# The Harmony Virtual Machine

The Harmony compiler, harmony, places the bytecode for file x.hny in file x.hvm. The model checker (called Charm) executes the code in x.hvm and places its output in a file called x.hco. From the x.hco file, harmony creates a detailed human-readable output file in x.hvb and an interactive HTML file called x.htm. The x.htm file is automatically opened in your default web browser unless you specify the --noweb flag to harmony.

To understand the problem of concurrent computing, it is important to have a basic understanding of machine instructions, and in our case those of the HVM.

## Harmony Values

Harmony programs, and indeed the HVM, manipulate Harmony values. Harmony values are recursively defined: they include booleans (False and True), integers (but not floating point numbers), strings (enclosed by single or double quotes), sets and lists of Harmony values, and dictionaries that map Harmony values to other Harmony values. Strings that start with a letter or an underscore and only contain letters, digits, and underscores can be written without quotes by preceding it with a dot. So, .example is the same string as "example".

A dictionary maps keys to values. Unlike Python, which requires that keys must be hashable, any Harmony value can be a key, including another dictionary. Dictionaries are written as $$\{ k_0: v_0, ~ k_1: v_1, ~ ... \}$$. The empty dictionary is written as {:}. If d is a dictionary, and k is a key, then the following expression retrieves the Harmony value that k maps to in d:

d k
The meaning of d a b $$...$$ is (((d a) b) $$...$$). This notation is unfamiliar to Python programmers, but in Harmony square brackets can be used in the same way as parentheses, so you can express the same thing in the form that is familiar to Python programmers:
d[k]
However, if d = { .count: 3 }, then you can write d.count (which has value 3) instead of having to write d[.count] or d["count"] (although any of those will work). Thus a dictionary can be made to look much like a Python object.

In Harmony (unlike Python), lists and tuples are the same type. As in Python, you can create a singleton tuple (or list) by including a comma. For example, (1,) is a tuple consisting just of the number 1. Importantly, $$(1) = 1 \ne (1,) = \{ 0:1 \}$$. Because square brackets and parentheses work the same in Harmony, [a, b, c] (which looks like a Python list) is the same Harmony value as (a, b, c) (which looks like a Python tuple). So, if x = [False, True], then x[0] = False and x[1] = True, just like in Python. However, when creating a singleton list, make sure you include the comma, as in [False,]. The expression [False] just means False.

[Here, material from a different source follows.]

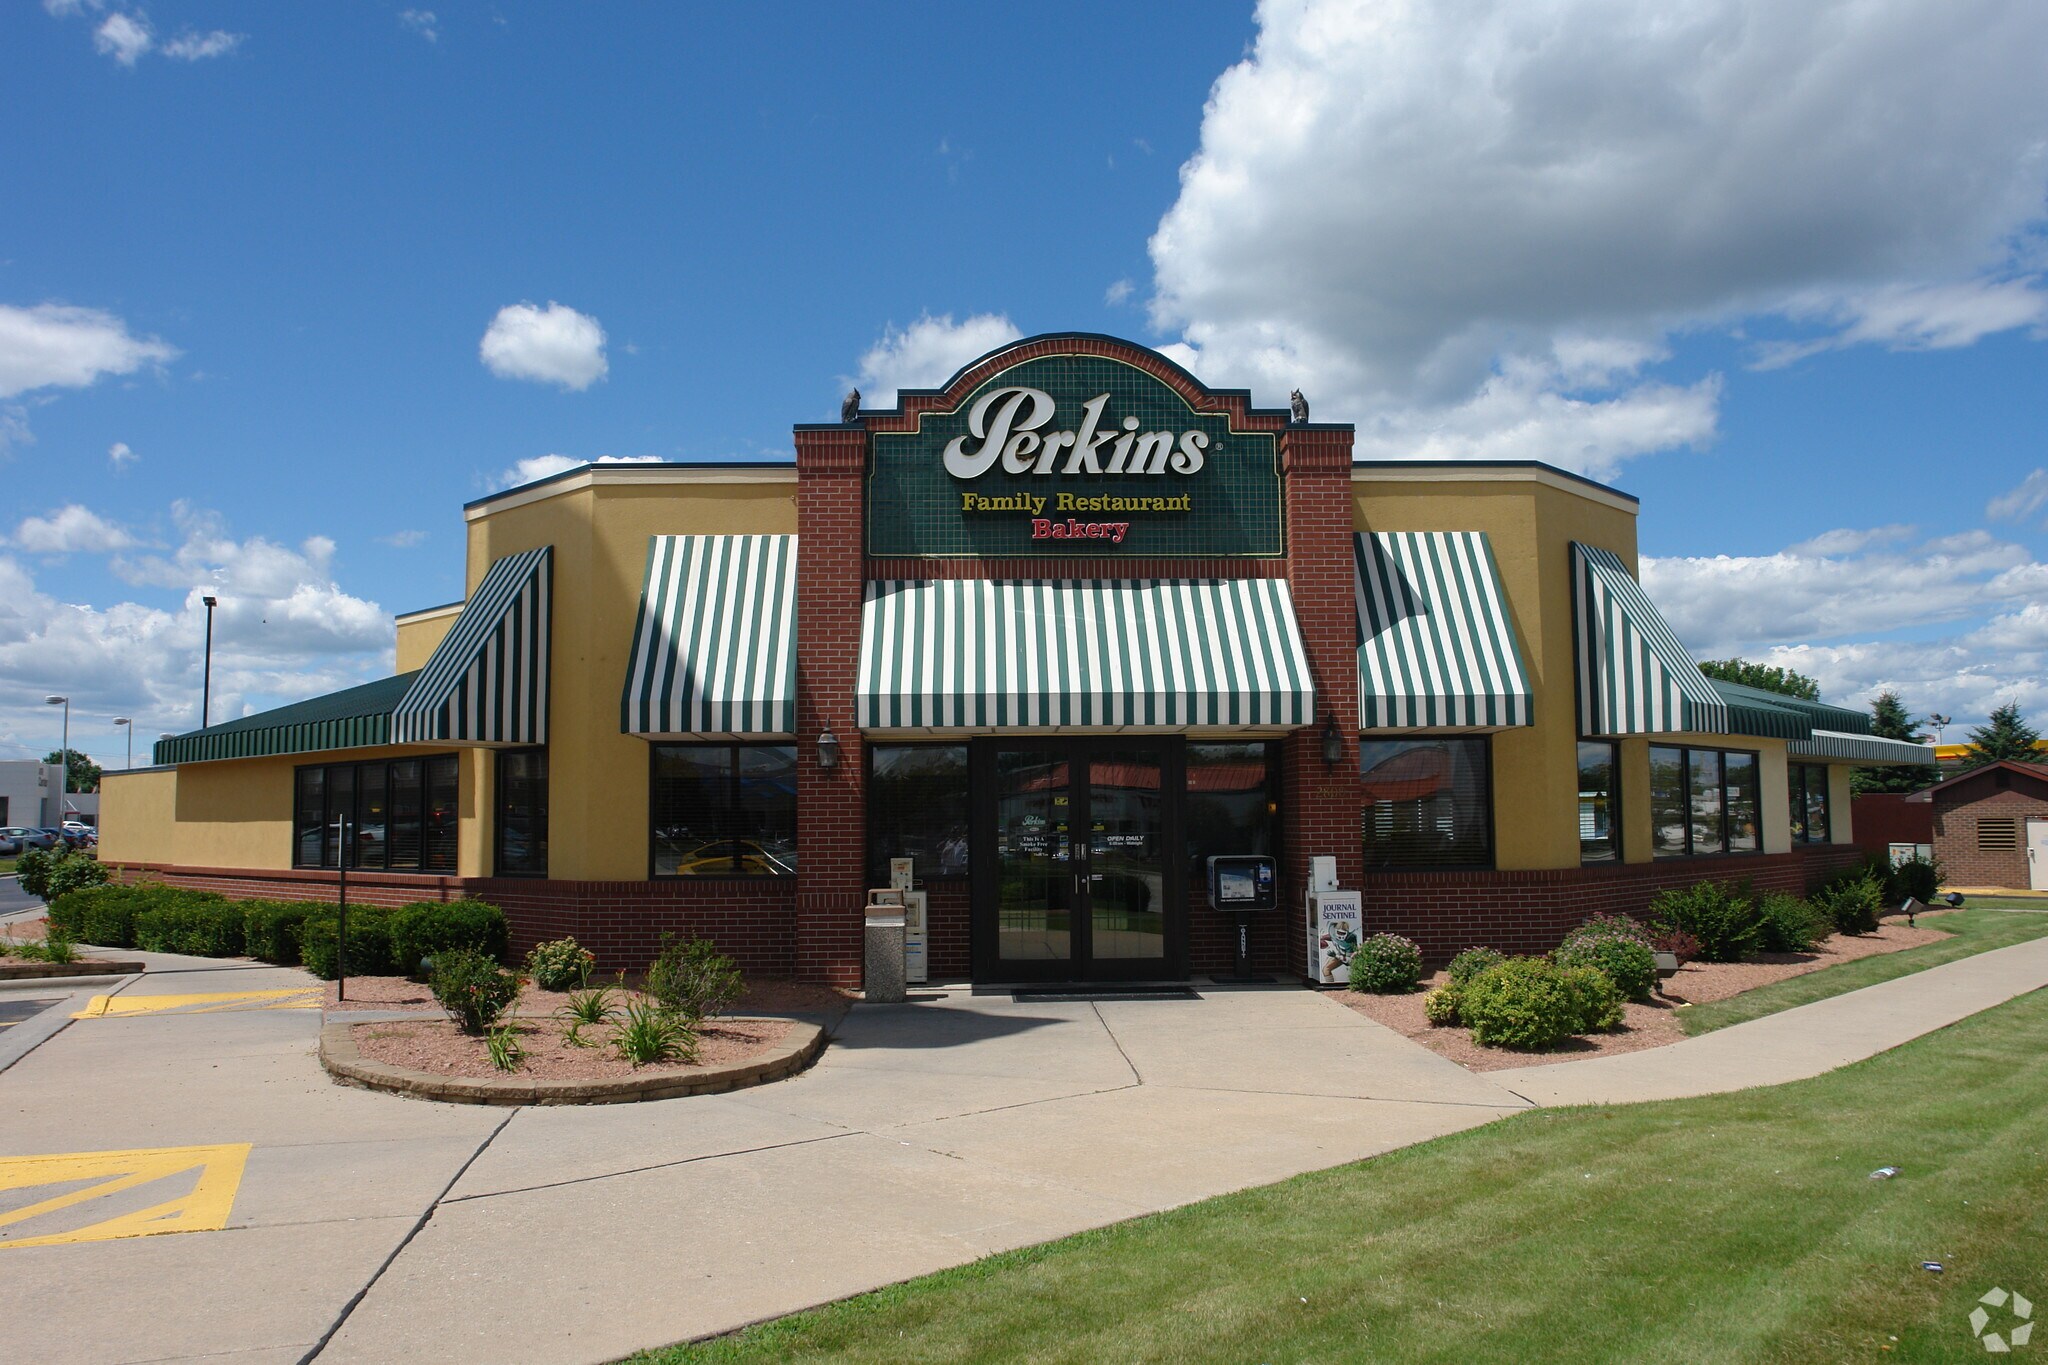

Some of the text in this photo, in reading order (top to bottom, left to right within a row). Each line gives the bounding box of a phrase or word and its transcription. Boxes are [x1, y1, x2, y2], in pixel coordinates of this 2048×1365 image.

Harmony is not an object-oriented language, so objects don't have built-in methods. However, Harmony does have some powerful operators to make up for some of that. For example, dictionaries have two handy unary operators. If d is a dictionary, then keys d (or equivalently keys(d)) returns the set of keys and len d returns the size of this set.

Value Types and Operators provides details on all the types of values that Harmony currently supports.

## Harmony Bytecode

A Harmony program is translated into HVM bytecode. To make it amenable to efficient model checking, the HVM is not an ordinary virtual machine, but its architecture is nonetheless representative of conventional computers and virtual machines such as the Java Virtual Machine.

Instead of bits and bytes, a HVM manipulates Harmony values. A HVM has the following components:

• Code: This is an immutable and finite list of HVM instructions, generated from a Harmony program. The types of instructions will be described later.

• Shared memory: A HVM has just one memory location containing a Harmony value.

• Threads: Any thread can spawn an unbounded number of other threads and threads may terminate. Each thread has a program counter that indexes into the code, a stack of Harmony values, and a private register that contains a Harmony value.[^2]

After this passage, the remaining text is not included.